The tissue-specific transcription factors HNF1alpha and HNF1beta are closely related homeodomain proteins conserved in vertebrate evolution. Heterozygous mutations in human HNF1beta but not in HNF1alpha genes are associated with kidney malformations. Overexpression of HNF1beta in Xenopus embryos leads to defective pronephros development, while HNF1alpha has no effect. We have defined the regions responsible for this functional difference between HNF1beta and HNF1alpha in transfected HeLa cells as well as in injected Xenopus embryos. Using domain swapping experiments, we located a nuclear localization signal in the POUH domain of HNF1beta, and showed that the POUS and POUH domains of HNF1beta mediate a high transactivation potential in transfected cells.
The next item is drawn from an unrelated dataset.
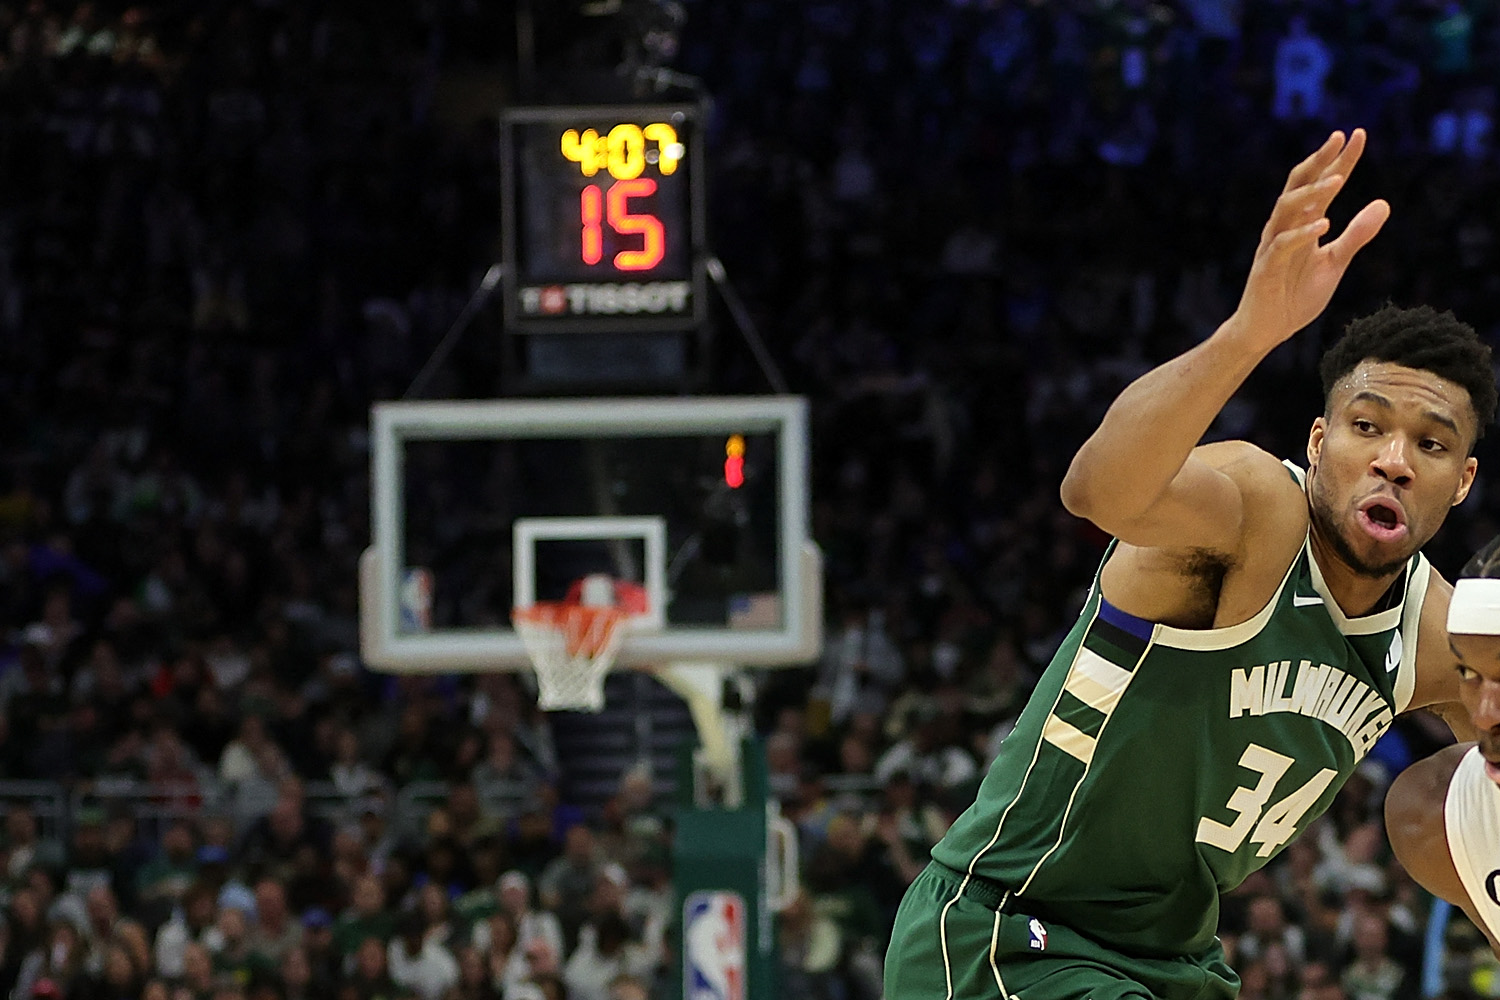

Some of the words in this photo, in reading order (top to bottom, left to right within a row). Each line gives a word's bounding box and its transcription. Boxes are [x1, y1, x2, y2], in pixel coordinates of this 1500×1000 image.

In injected Xenopus embryos three HNF1beta domains are involved in nephrogenesis. These include the dimerization domain, the 26 amino acid segment specific for splice variant A as well as the POUH domain. As HNF1beta together with Pax8 and lim1 constitute the earliest regulators in the pronephric anlage, it is possible that they cooperate during early nephrogenesis. We have shown here that HNF1beta can overcome the enlargement and the induction of an ectopic pronephros mediated by overexpression of Pax8 and lim1. However, the phenotype induced by Pax8 and lim1 overexpression and characterized by cyst-like structures and thickening of the pronephric tubules was not altered by HNF1beta overexpression. Taken together, HNF1beta acts antagonistically to Pax8 and lim1 in only some processes during nephrogenesis, and a simple antagonistic relationship does not completely describe the functions of these genes. We conclude that HNF1beta has some distinct morphogenetic properties during nephrogenesis.